Causeries de Châteauneuf du Pape : Sylvain Tesson et les Piliers de la mer au Château La Nerthe


Dans le cadre idyllique du Château La Nerthe, les causeries de Châteauneuf du Pape animées par Franck Ferrand ont fait le plein. Il faut dire que l’affiche était attirante avec Sylvain Tesson, écrivain et voyageur, invité d’honneur de cette édition, aux côtés de Vivianne Perret, historienne et autrice.


Chacun a alimenté le thème de la rencontre parlant de “la beauté du monde” avec ses expériences et sa vision personnelle de notre environnement. L’invité d’honneur Sylvain Tesson s’est notamment confié sur son livre “les piliers de la mer”. 


Morceaux choisis de son intervention, captivante, profonde, quelquefois ponctuée de traits d’humour : “ Le stack désigne en anglais les piliers de la mer, détachés de la côte. Autour du monde, ces sentinelles de roche se dressent par milliers devant les falaises côtières.
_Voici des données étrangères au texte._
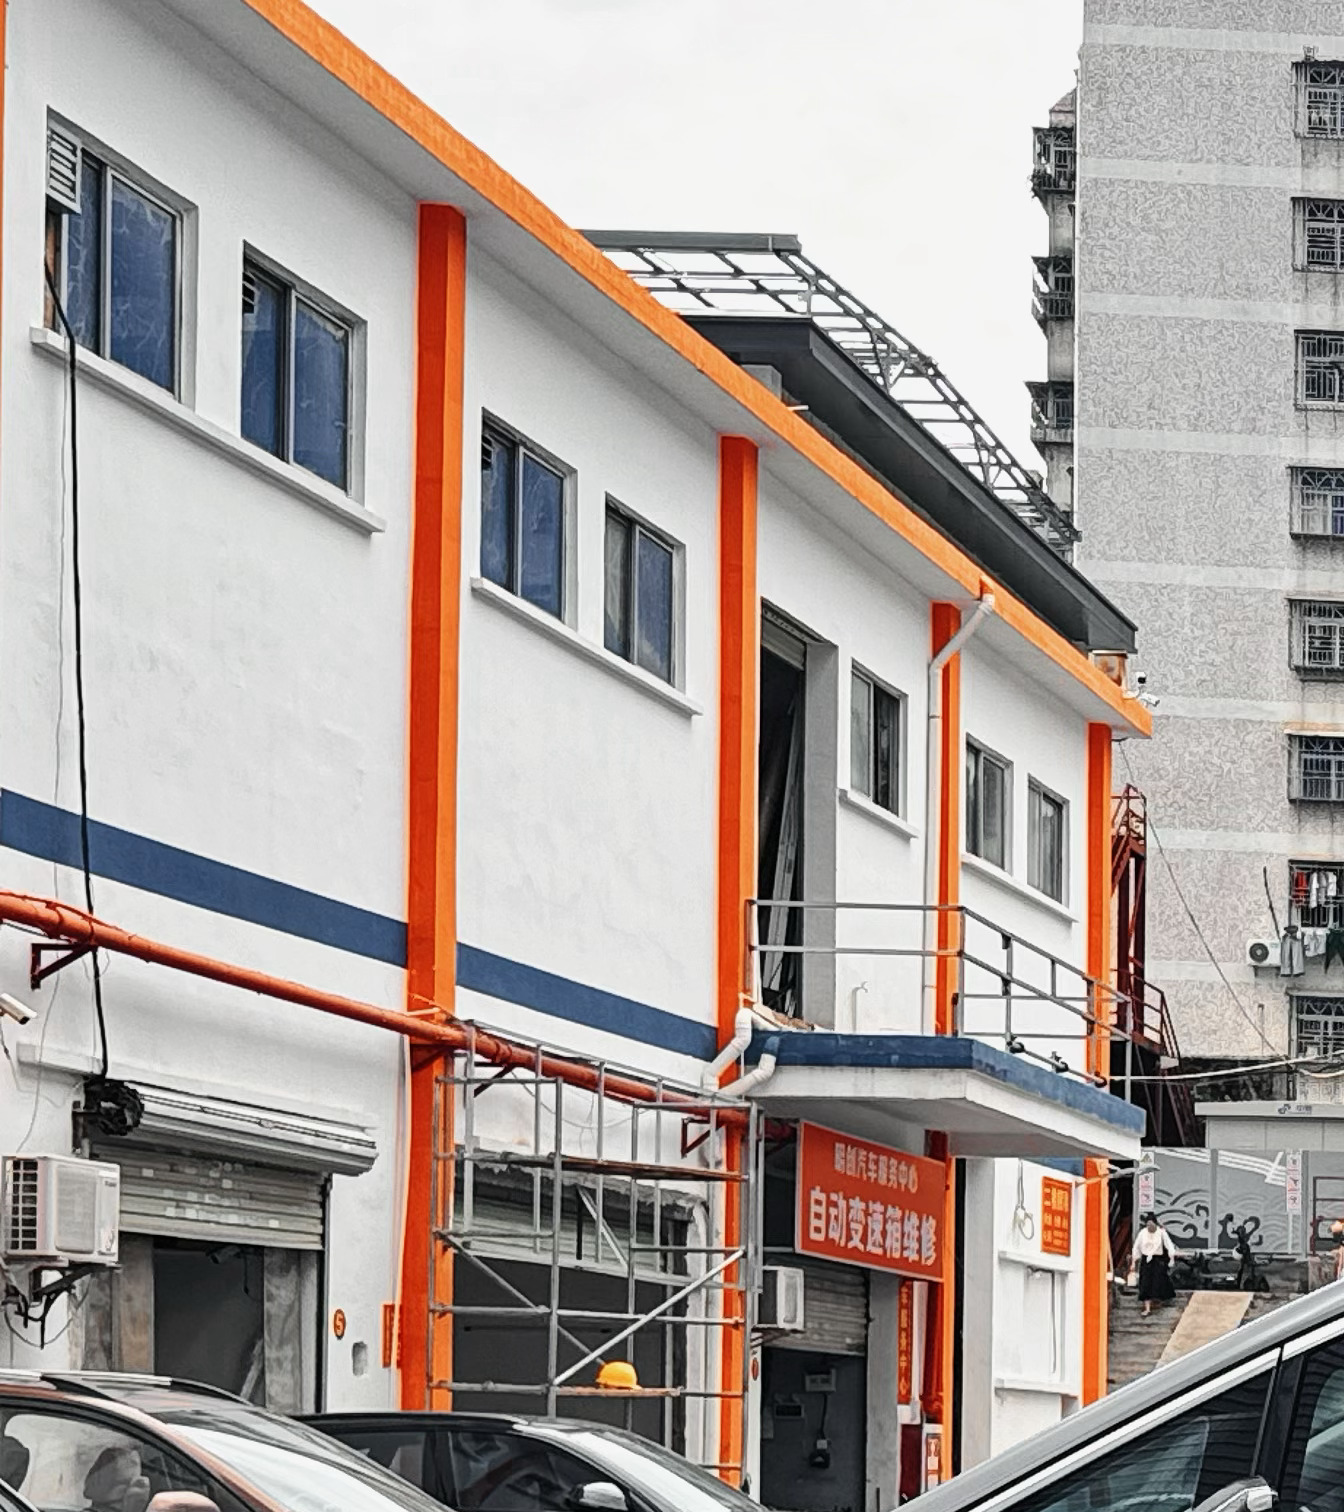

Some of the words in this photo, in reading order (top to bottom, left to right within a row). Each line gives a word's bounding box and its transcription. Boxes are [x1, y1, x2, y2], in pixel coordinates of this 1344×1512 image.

[809, 1185, 937, 1267] 自动变速箱维修
Les anglais appellent le stack et les français, qui ont une langue beaucoup plus précise, disent : un pilier d'érosion du recul de trait de côte.(rires) Alors évidemment, l'expression contient sa définition, mais enfin c'est moins rapide. On perd du temps, le stack c'est plus sexy, ça ressemble davantage à l'électrification de la houle sur la roche “


S’adressant à Franck Ferrand ; “ vous allez très bien décrit le phénomène. Il y a l'arche, avec l’érosion, le tablier s'écroule, il reste le pilier ce qui ce qui fait que le phénomène est universel.  Partout où il y a une côte rocheuse, vous avez un pilier, de même que partout vous avez un dogme, vous avez sa contradiction. De même que partout vous avez une société, vous avez ce rebelle ou ce réfractaire, de même que partout vous avez une partition, vous avez sa fausse note qui parfois est d'ailleurs une dissonance osée et originale “ 


Puis enchaîne sur le biotope qui existe sur ces stacks : “ Il y a un biotope, un écosystème qui demeure, qui perdure, qui se maintient sur le stack. C'est à dire que parfois nous arrivions au terme d'une escalade difficile et nous arrivions sur un plateau d'herbe picté de fleurs et parfois même occupé par des insectes, à 100 ou 150 mètres de hauteur, et qui, visiblement s'étaient séparés de la terre il y a  quelques années et qui n'avait absolument pas à être dans les effectifs.  Ils n'avaient pas été alimentés par une circulation puisque un cloporte ne peut pas traverser un bras de mer de 250 mètres de large, il y a peu de chance, ni être convoyé sur l'aile des oiseaux. Enfin, je ne connais pas très bien les circulations clandestines, parfois aériennes des arthropodes, mais je crois que les cloportes qui étaient là sur ces piliers nous semblaient de très vieux habitants et que nous vénérions “. 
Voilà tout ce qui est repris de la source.